SMALL TRADERS IN THE EAC IMPACTED BY TAX DISTORTION


SMALL TRADERS IN THE EAC IMPACTED BY TAX DISTORTION  


BY GRACE MACHA IN ARUSHA 



Small scale traders, particularly women, are most vulnerable to tax distortions in East Africa.

The majority of them are subjected to multiple taxes and fees within the different partner states.

"Unharmonized tax policies and systems negatively impact cross border trade", said members of the East African Legislative Assembly (Eala). 

In addition, the trend has led to persistence of undesirable practices like smuggling of goods in order to evade taxes.

Unharmonized excise duties and discriminatory taxes also cause distortions in cross-border transactions and trade disputes.  

The MPs were responding to a Motion tabled before the House urging the East African Community (EAC) partner states to harmonize tax policies. 

This, they suggested, should be done through removing tax distortions and promoting investments within the region.

Harmonization of tax policies among the partner states will not only eliminate tax distortions but facilitate cross border trade, they said.

"It would facilitate free movement of goods, services,ds, services, capital and workers", they said according to a media dispatch.

Tax harmonization would also reduce tax competition among the partner states and enhance tax compliance and enforcement.

The Motion was moved by Eala member from Uganda George Odongo and seconded by Ms Fatuma Ndangiza, a lawmaker from Rwanda.

The Assembly, held recently in Nairobi, called on the EAC Council of Ministers to act swiftly on tax distortions. 

The partner states should develop,implement and fast-track programmes that would remove tax hurdles. 

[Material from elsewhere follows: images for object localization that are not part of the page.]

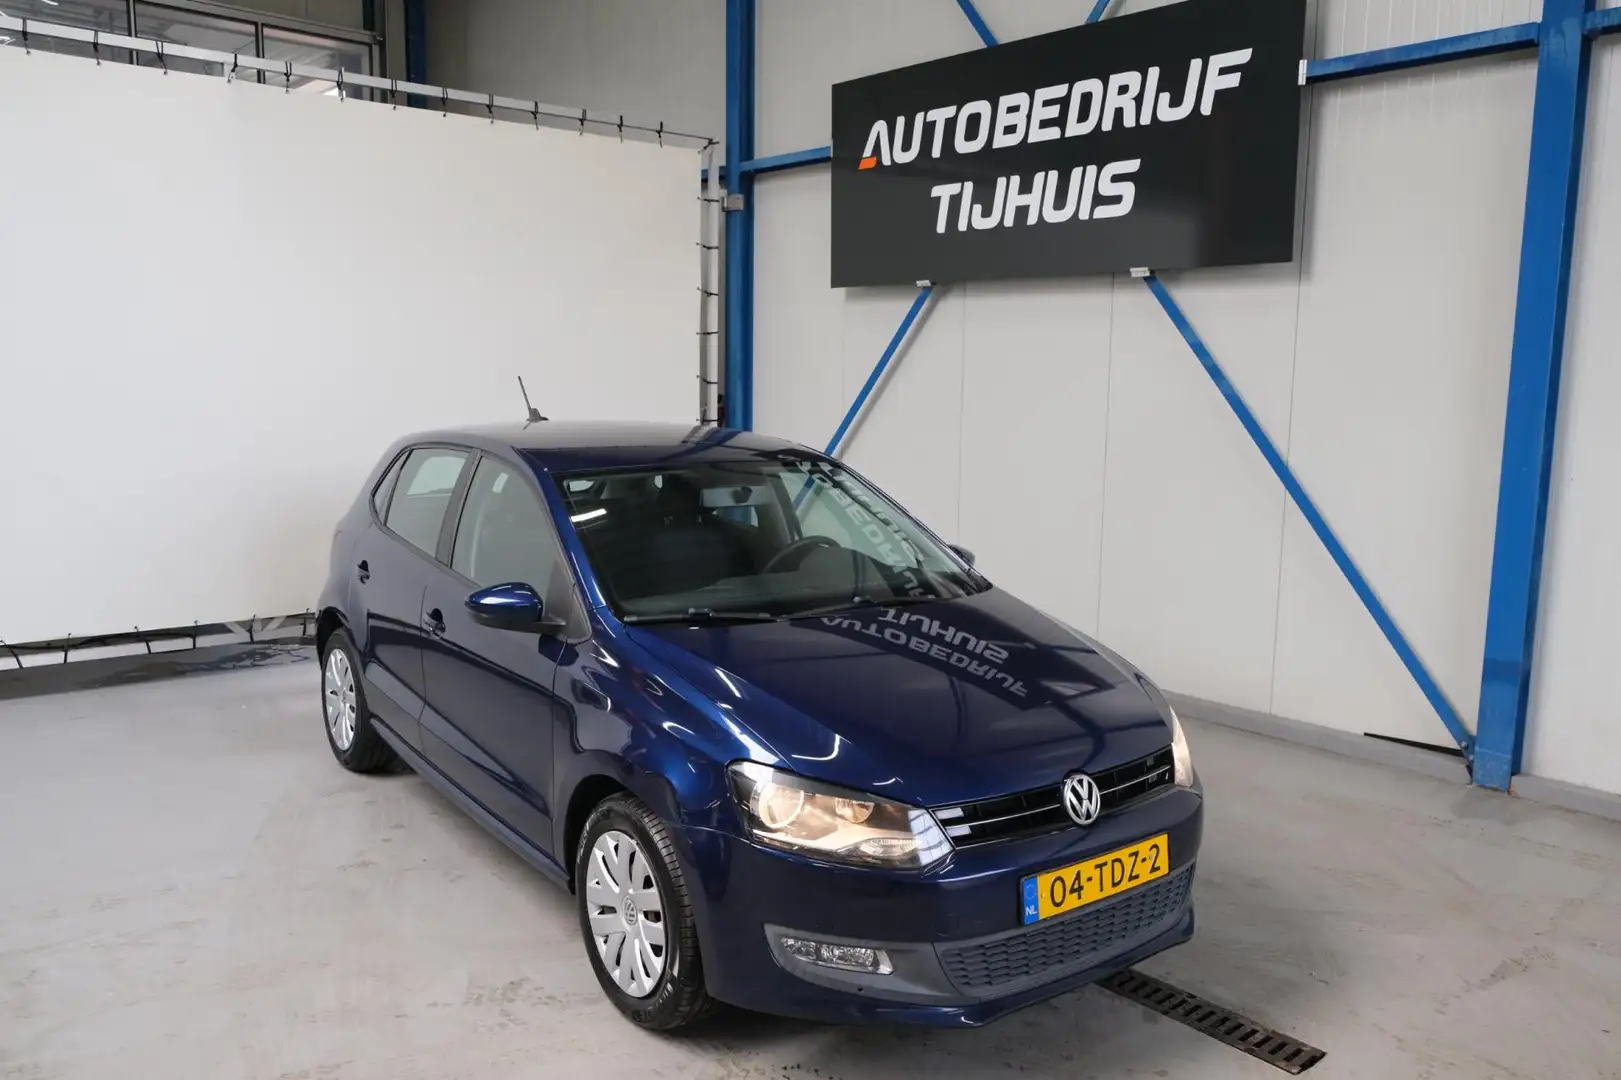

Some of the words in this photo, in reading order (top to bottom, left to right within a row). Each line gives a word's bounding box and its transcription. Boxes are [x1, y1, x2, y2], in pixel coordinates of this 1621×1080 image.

[858, 48, 1253, 170] AUTOBEDRIJF
[930, 158, 1141, 234] TIJHUIS
[1025, 905, 1038, 916] NL
[1050, 844, 1161, 908] 04-TDZ-2
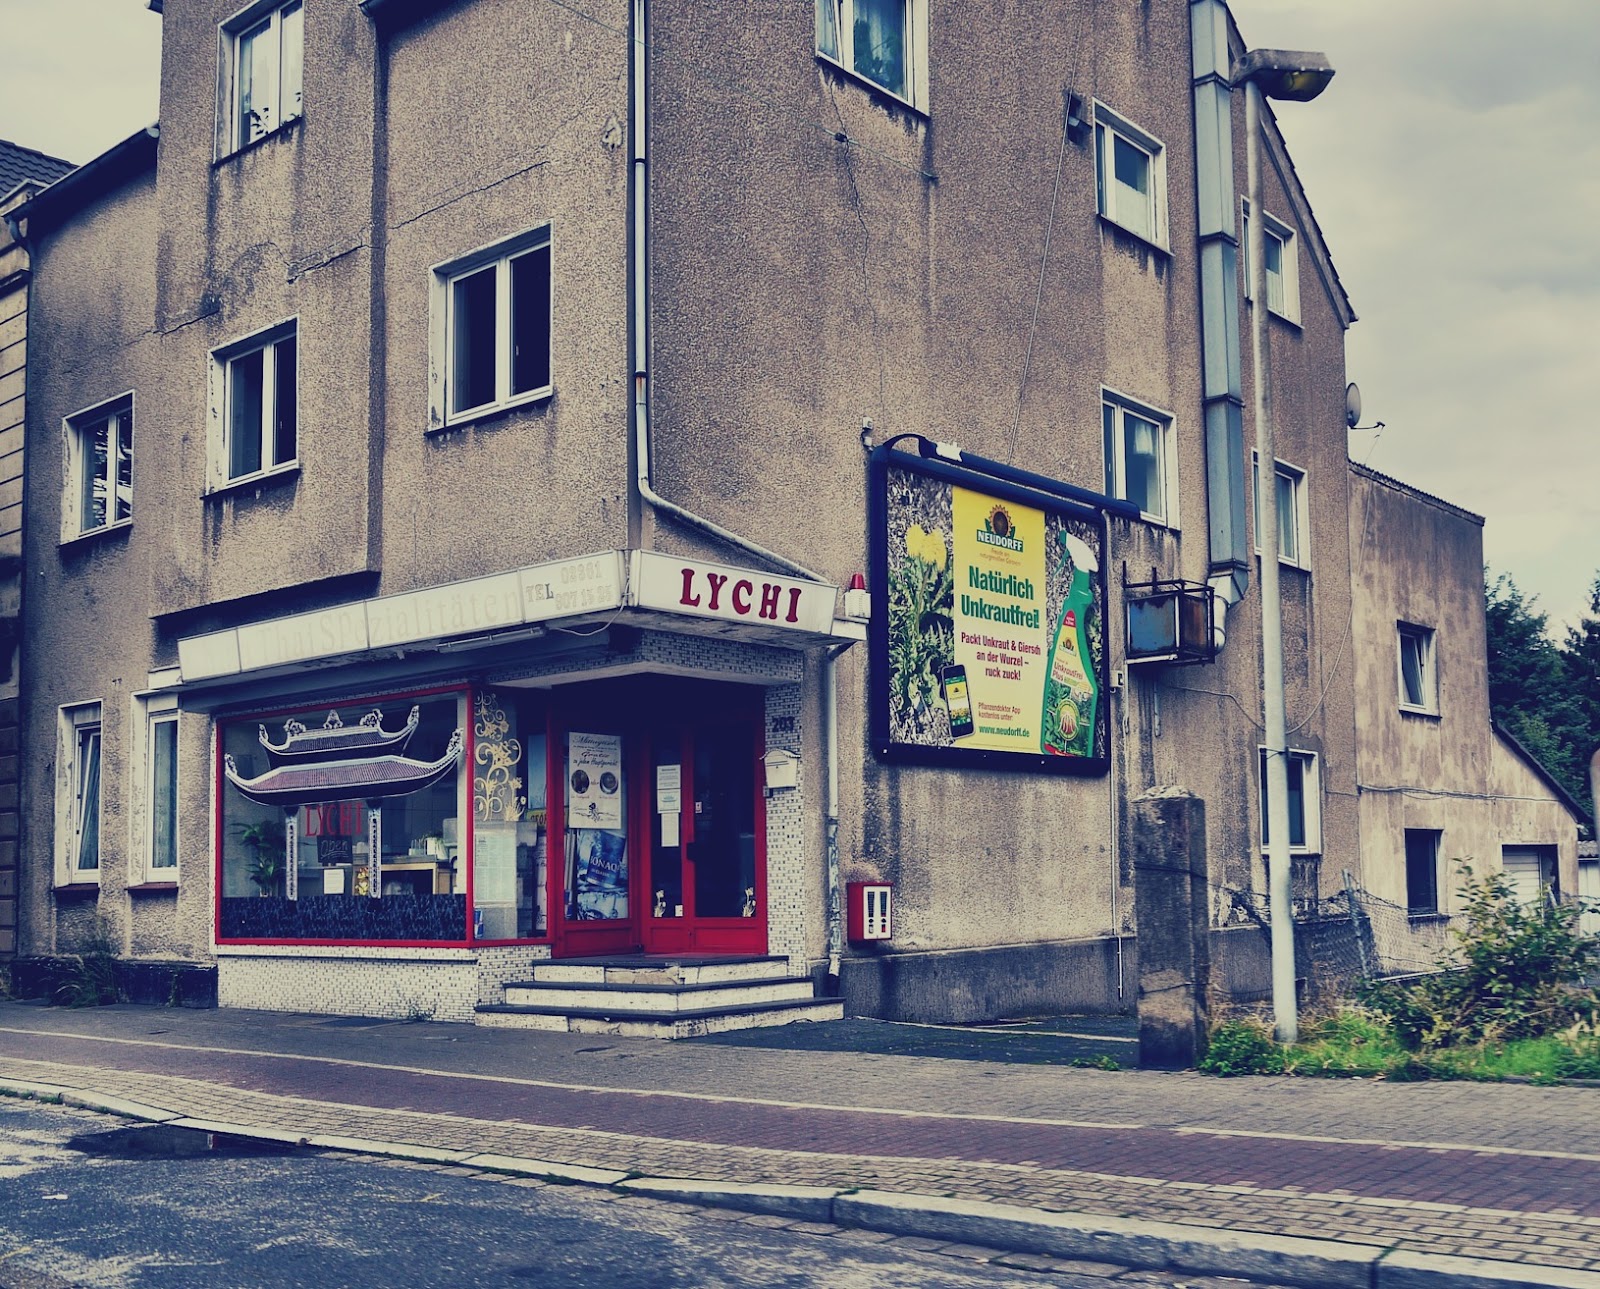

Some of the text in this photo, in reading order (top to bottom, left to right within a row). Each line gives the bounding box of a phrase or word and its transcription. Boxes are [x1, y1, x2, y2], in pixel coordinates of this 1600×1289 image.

They should adopt specific harmonized principles relating to various taxes "to ensure that all tax policies conform to these adopted principles".

Under Article 83 (2) (e) of the EAC Treaty, the partner states in the Community undertook to harmonize tax policies in order to bring about a more efficient allocation of resources.

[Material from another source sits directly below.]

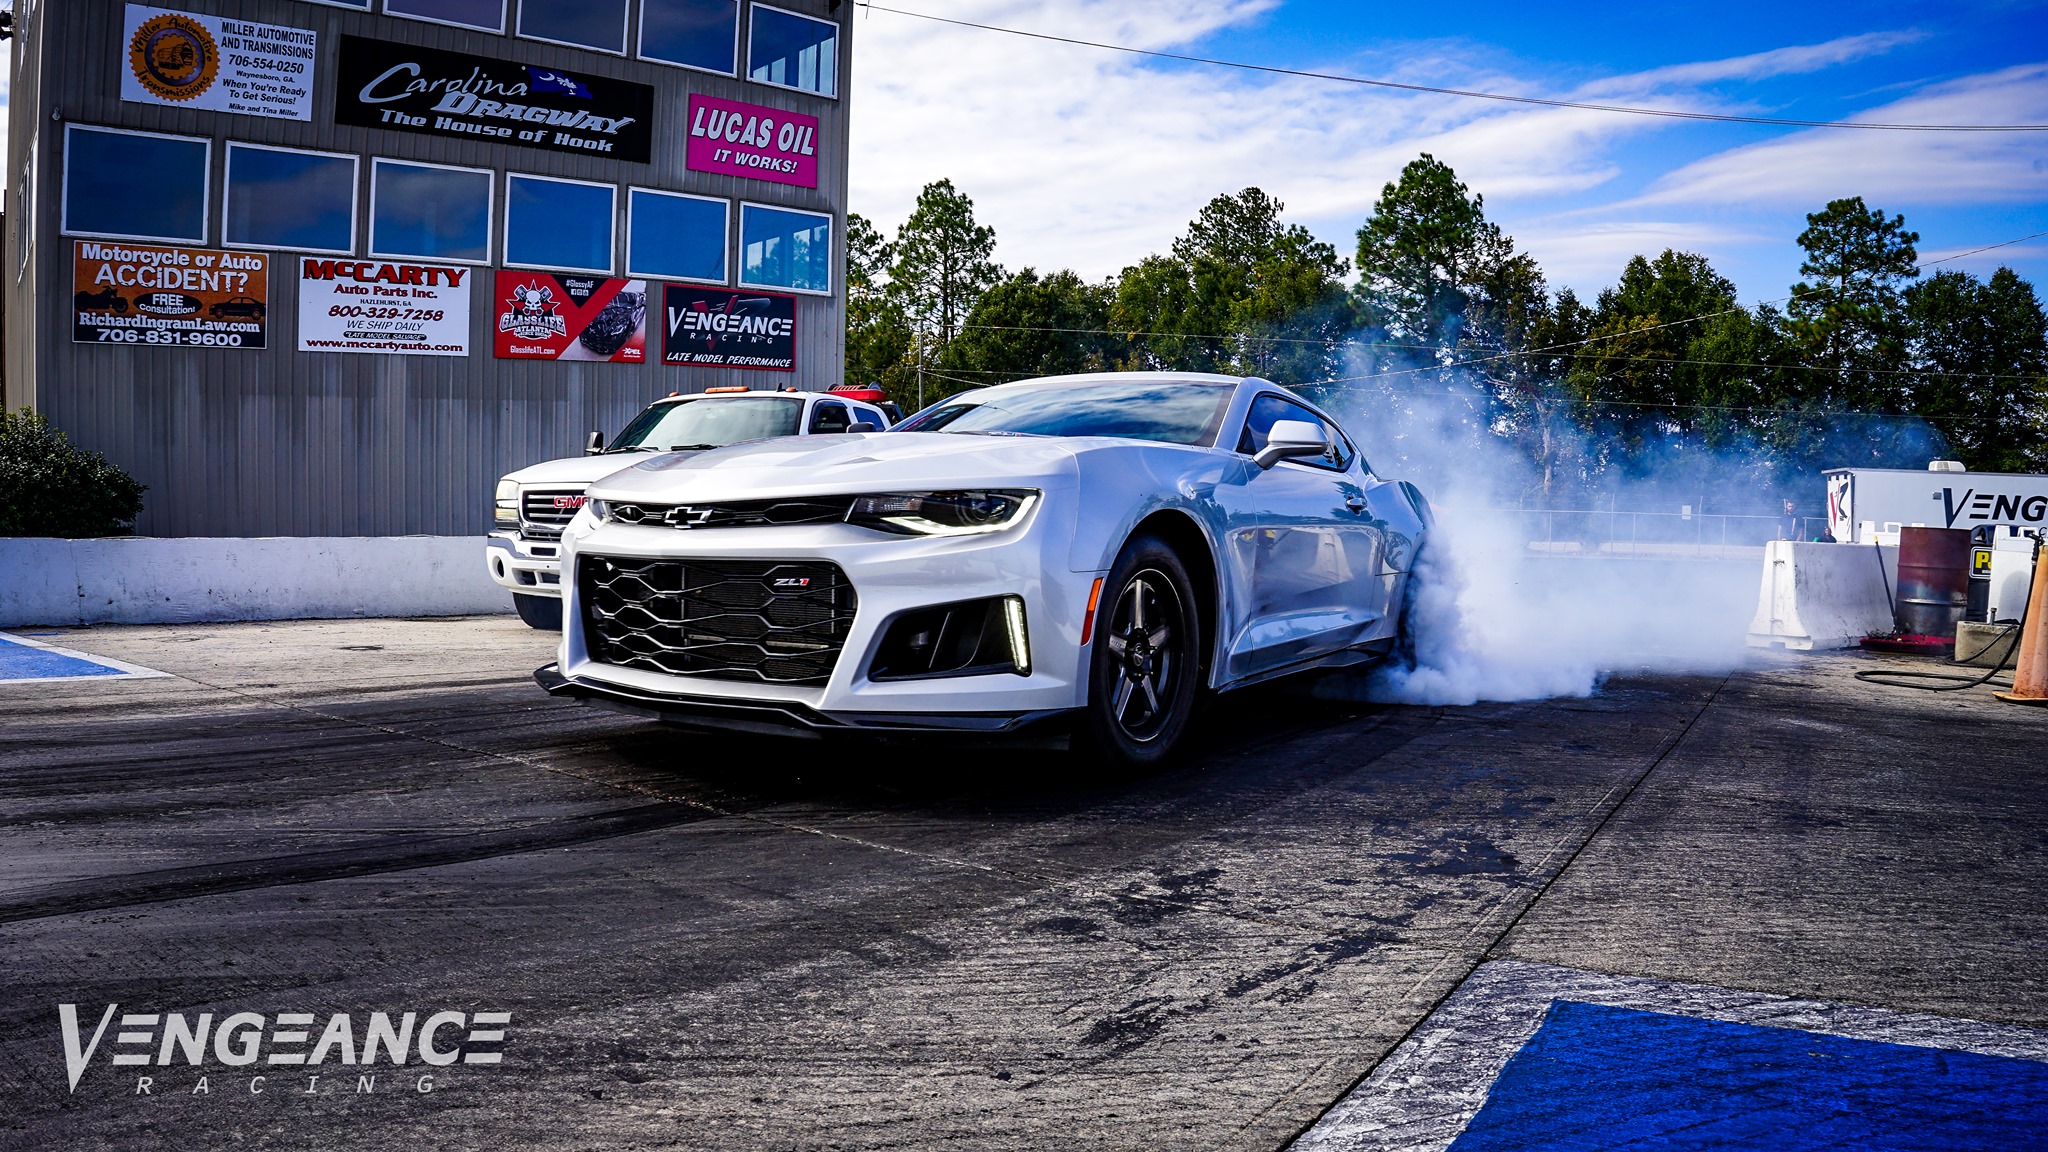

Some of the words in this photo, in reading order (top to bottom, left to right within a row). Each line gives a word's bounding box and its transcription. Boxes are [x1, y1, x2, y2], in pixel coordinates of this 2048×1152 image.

Progressive removal of tax hurdles would also promote investments in the expanding bloc which currently has eight member states.

However, the MPs regretted that the EAC Double Taxation Agreement adopted wayback in 2025 to facilitate removal of double taxation has not been ratified by all the partner states.

Furthermore, the matter has been compounded by the fact that the EAC partner states have different tax bases,tax rates, tax deductions and tax incentives for investments.

Diverse tax regimes, including variations in value-added tax (VAT) and excise duties, have been identified as potential deterrents to regional investors.

Mr Odongo emphasized that the existing tax disparities incentivize a "race to the bottom" among partner states, hindering market integration and trade.

On her part Ms Ndangiza  highlighted the need to urgently resolve the issue in order to enhance the region's competitiveness in attracting investments.

 A recent forum held in Arusha noted that tax distortions in the EAC bloc will persist as long as the partner states  do not agree on the  Double Taxation agreement.

Member countries of the bloc have to fast-track the ratification and implementation of  the Agreement for the Avoidance of Double Taxation.